My wife spent months before our first son's birth reading as many books on parenting as possible, and we spend a considerable amount of time talking about how we should raise our children. Granted, some of them gave somewhat "fluff" answers for various topics and tended to be skewed towards a certain cultural perspective, but none of them gave advice that would be considered irresponsible. It's also not very hard to find parenting advice. It can only lead me to believe that either these parents never read these books, or never cared to implement any real structure.
Further, it's not as if these people are uneducated. Most are college graduates in professional fields. Somehow, they came to the conclusion that kids should not only be given leisure time, but also significant financial resources and a direction set by marketers. Many of them set some kind of limits, but a significant minority, particularly in households with two working parents, do not.

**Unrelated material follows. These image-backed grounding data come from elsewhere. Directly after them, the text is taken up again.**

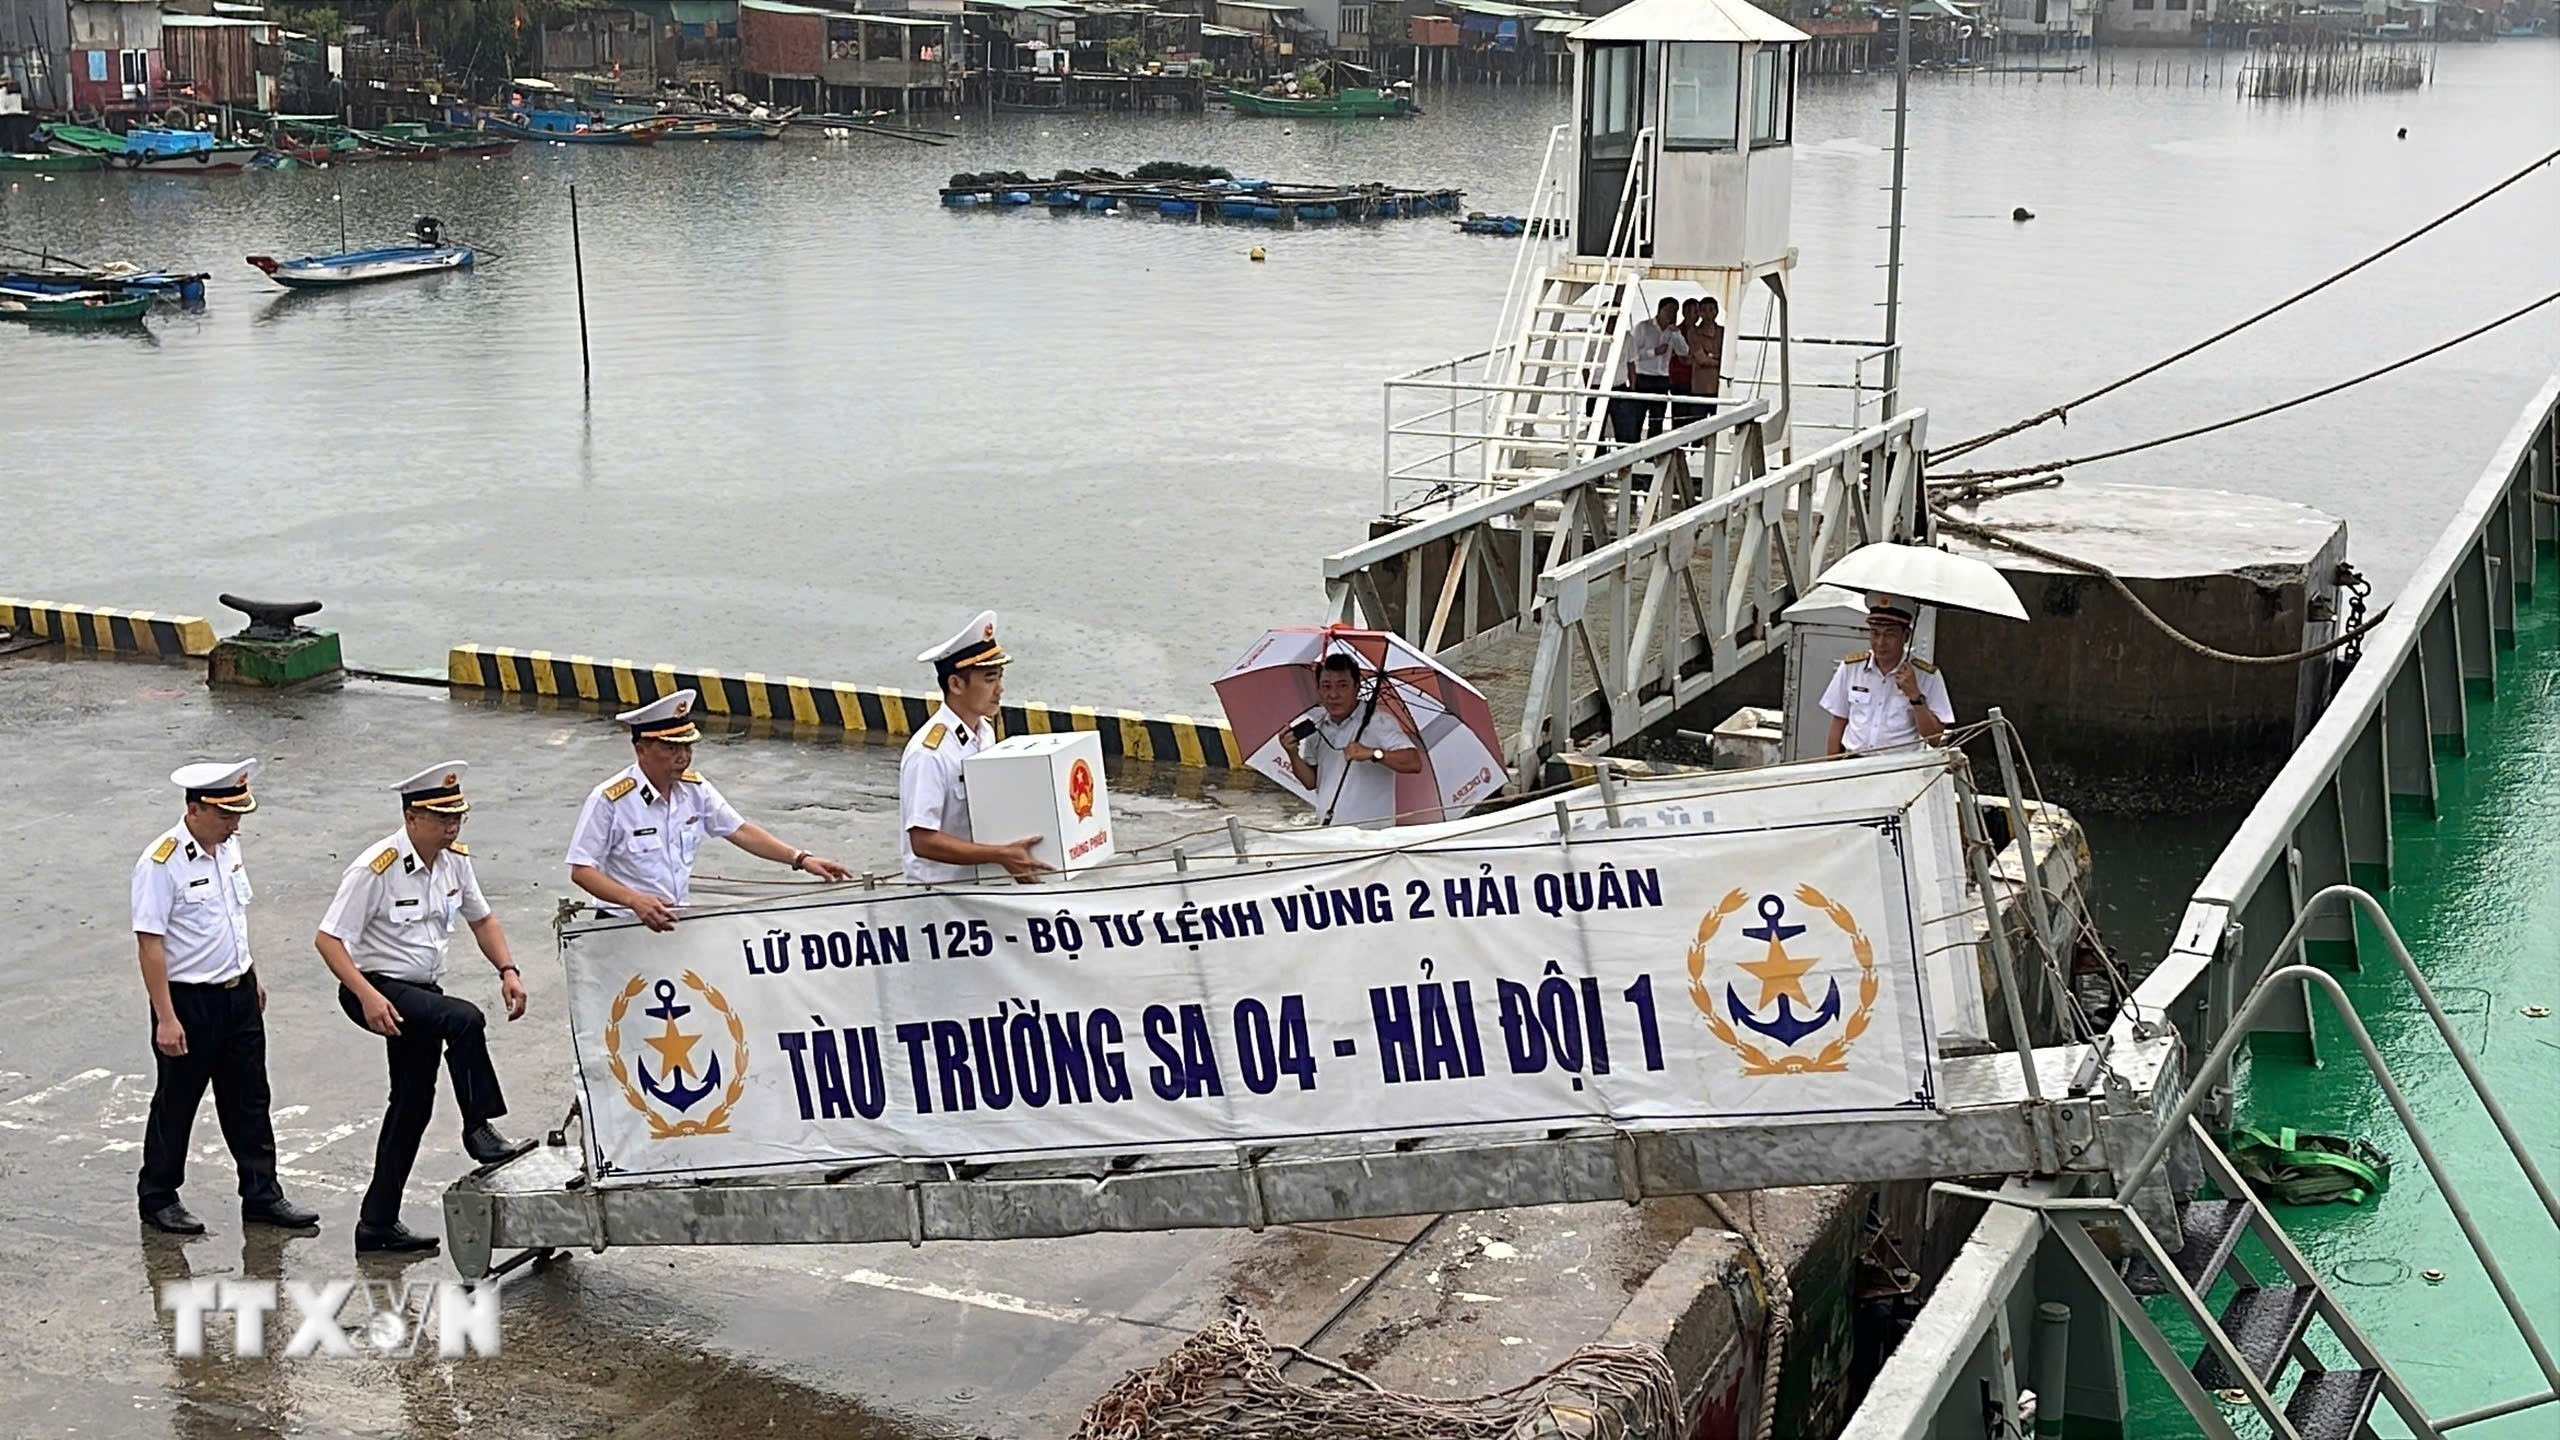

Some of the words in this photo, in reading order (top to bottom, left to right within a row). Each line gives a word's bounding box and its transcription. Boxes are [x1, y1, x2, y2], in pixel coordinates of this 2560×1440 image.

[743, 928, 791, 974] LỮ
[801, 921, 910, 970] ĐOÀN
[921, 919, 993, 960] 125
[1027, 910, 1083, 960] BỘ
[1090, 909, 1145, 948] TƯ
[1153, 901, 1265, 950] LỆNH
[1271, 885, 1393, 932] VÙNG
[1406, 879, 1435, 919] 2
[1444, 863, 1519, 917] HẢI
[1535, 863, 1663, 918] QUÂN
[778, 1015, 887, 1120] TÀU
[896, 998, 1133, 1114] TRƯỜNG
[1143, 1003, 1225, 1101] SA
[1234, 994, 1318, 1094] 04
[1333, 1038, 1357, 1057] -
[1369, 958, 1486, 1083] HẢI
[1497, 960, 1610, 1091] ĐỘI
[1624, 973, 1665, 1072] 1

I know there are kids who are relatively intractable, and I'm the last person to blame parents for everything (at least, after school starts, I'm the last person to blame parents for everything). However, simply because parents aren't always to blame isn't reason to blame them when they are irresponsible. And after having some of the kids in my house for an afternoon, it's clear where fault lies. Not because they behave badly, but because after a little "testing", they often behave quite well.
Incidentally, SuperBoy did get his first significant electronic gadget recently: his grandmother gave him a digital camera. Her motives are partially selfish, as she wants more pictures and is a professional photographer herself (and would like having someone else with a strong interest in photography in the family). He loves it, and figured out almost all the settings the first evening he got it without opening the manual.